At the time Mackenzie arrived in Montreal, it was already established as the center of American fur trade. In 1779, as a young man of only 19 years, he began working in the trade as a clerk for Finley and Gregory, later to be administered by Normand Macleod, and still later, in 1787, to be merged with their rival, the North West Company.
It could be said that Mackenzie’s penchant for arduous and dangerous explorations has its routes in his working for what would be part of the North West Company. He was offered a partnership in the company if he would agree to travel west. He did travel west, and it didn’t take long before he began his first search for the Northwest Passage…
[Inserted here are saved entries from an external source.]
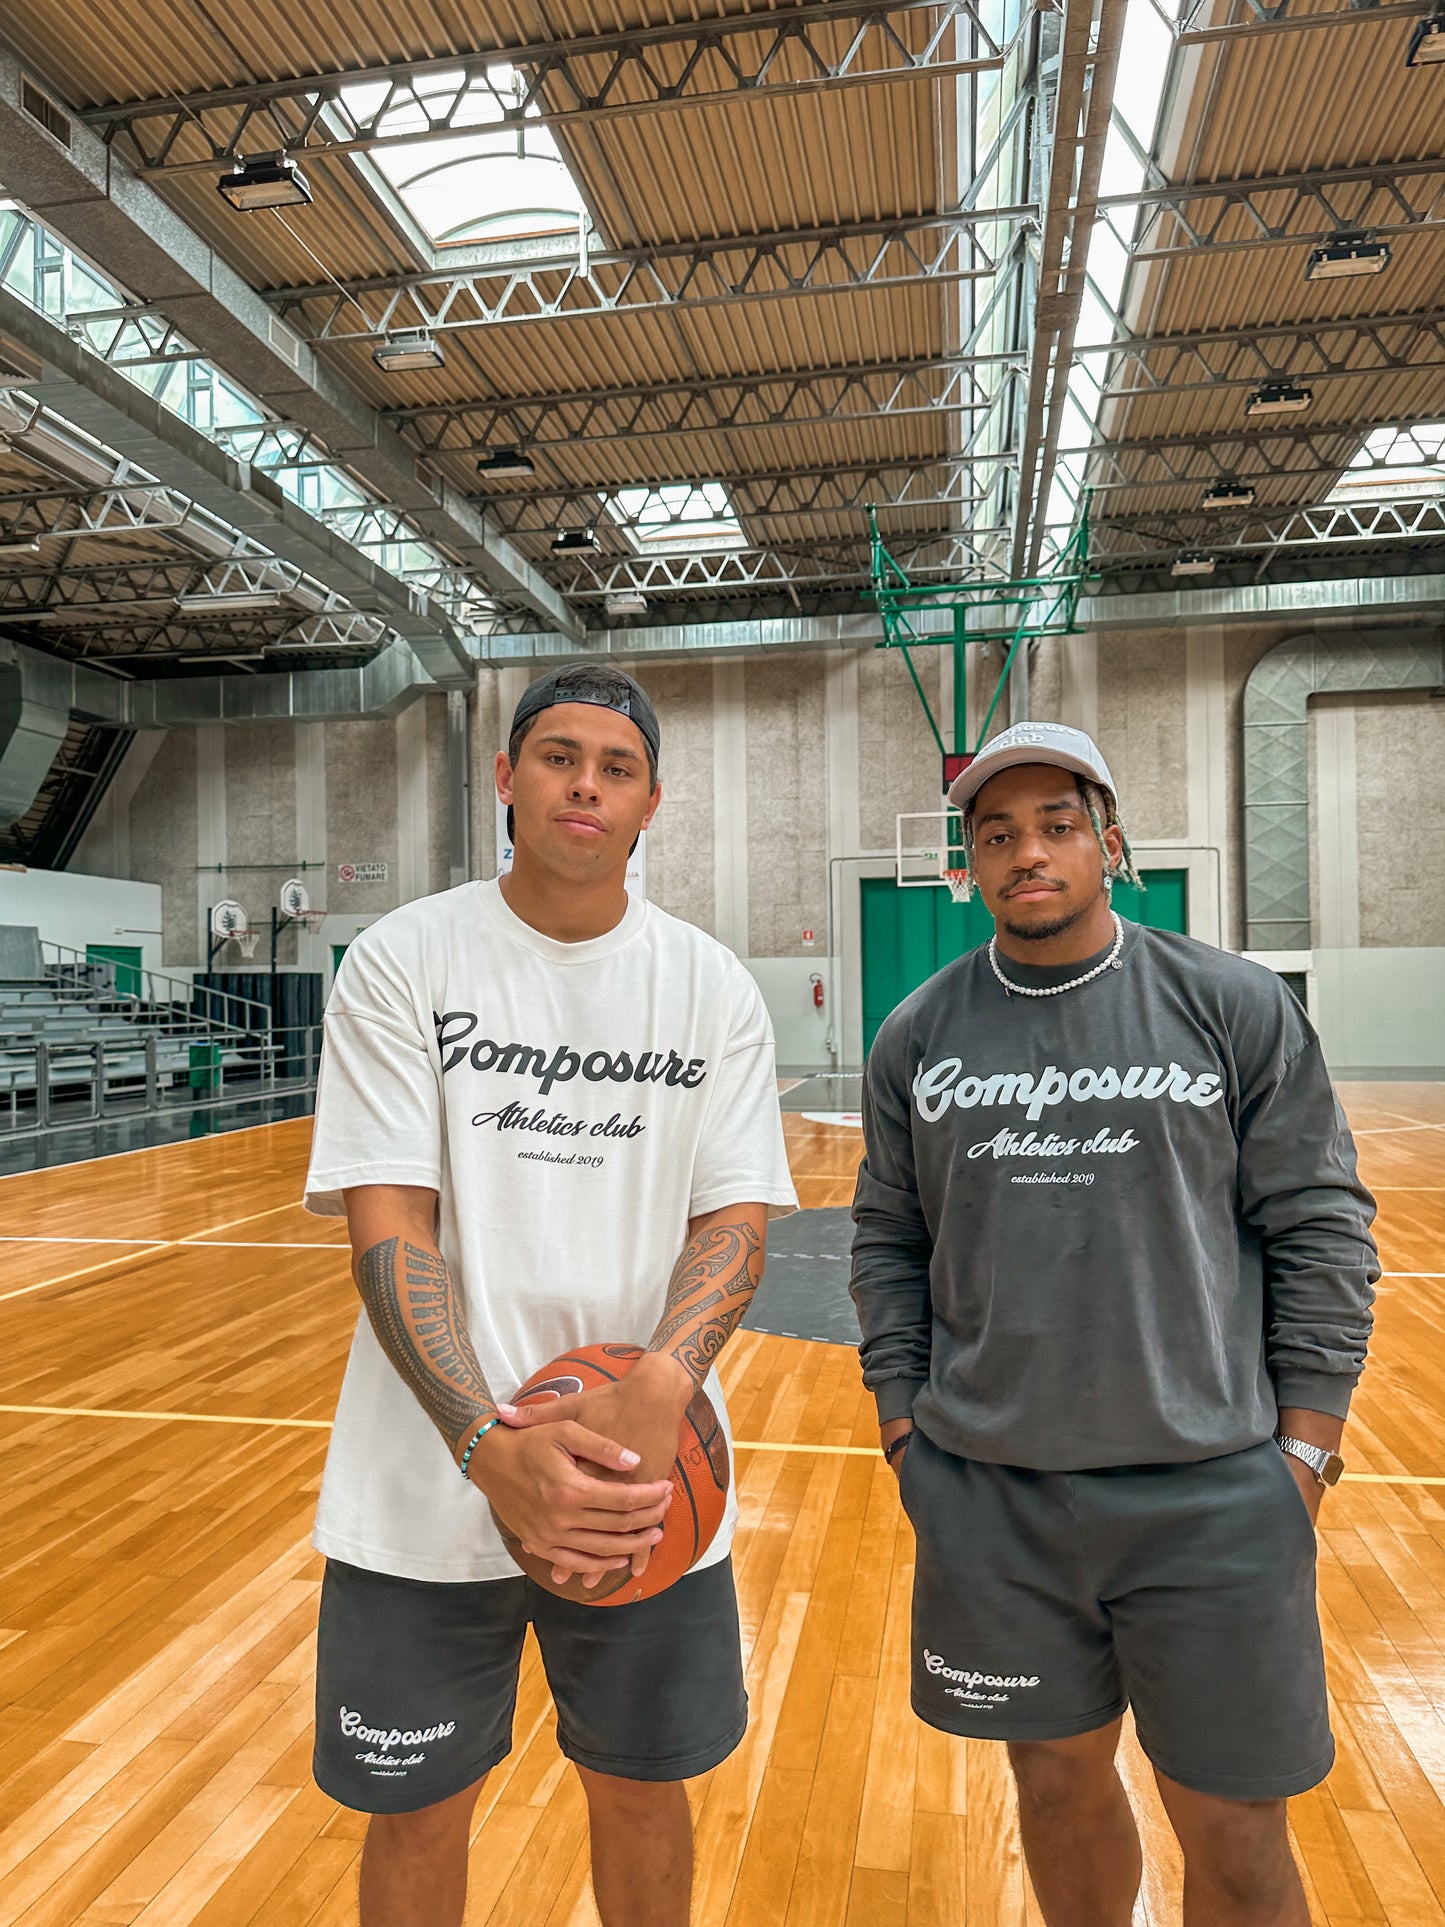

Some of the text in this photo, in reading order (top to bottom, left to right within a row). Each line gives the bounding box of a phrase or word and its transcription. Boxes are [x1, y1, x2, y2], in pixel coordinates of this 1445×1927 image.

[979, 724, 1078, 756] posure
[1000, 733, 1044, 748] club
[355, 864, 386, 872] VIETATO
[355, 873, 385, 881] FUMARE
[433, 1011, 708, 1096] Composure
[912, 1057, 1223, 1122] Composure
[472, 1101, 646, 1139] Athletics club
[517, 1150, 604, 1168] established 2019
[967, 1127, 1140, 1159] Athletics club
[1011, 1171, 1095, 1186] established 2019
[923, 1648, 1040, 1689] Composure
[340, 1705, 456, 1752] Composure
[355, 1751, 426, 1766] Athletics club
Travelling to Lake Athabasca (now, northeast Alberta) in 1787, Mackenzie is credited as a co-founder of Fort Chipewyan. He was sent to replace Peter Pond, who among other negative qualities had been known to have a bad temper and occasional violent streak. (He was largely believed responsible for the death of a rival trader.) Mackenzie was to learn something from the older explorer that probably set in motion his grand explorations. Pond believed that a nearby river led to the Northwest Passage. Mackenzie was so taken by the possibility that two years later, in 1789, he set off with trappers, Indian guides, and their wives to follow the river. What we now know as the Mackenzie River was followed by this group of intrepid explorers for 1,000 of its 1,100 miles. When they finally arrived at its mouth, instead of the Northwest Passage they found a new route that led to the Arctic Ocean!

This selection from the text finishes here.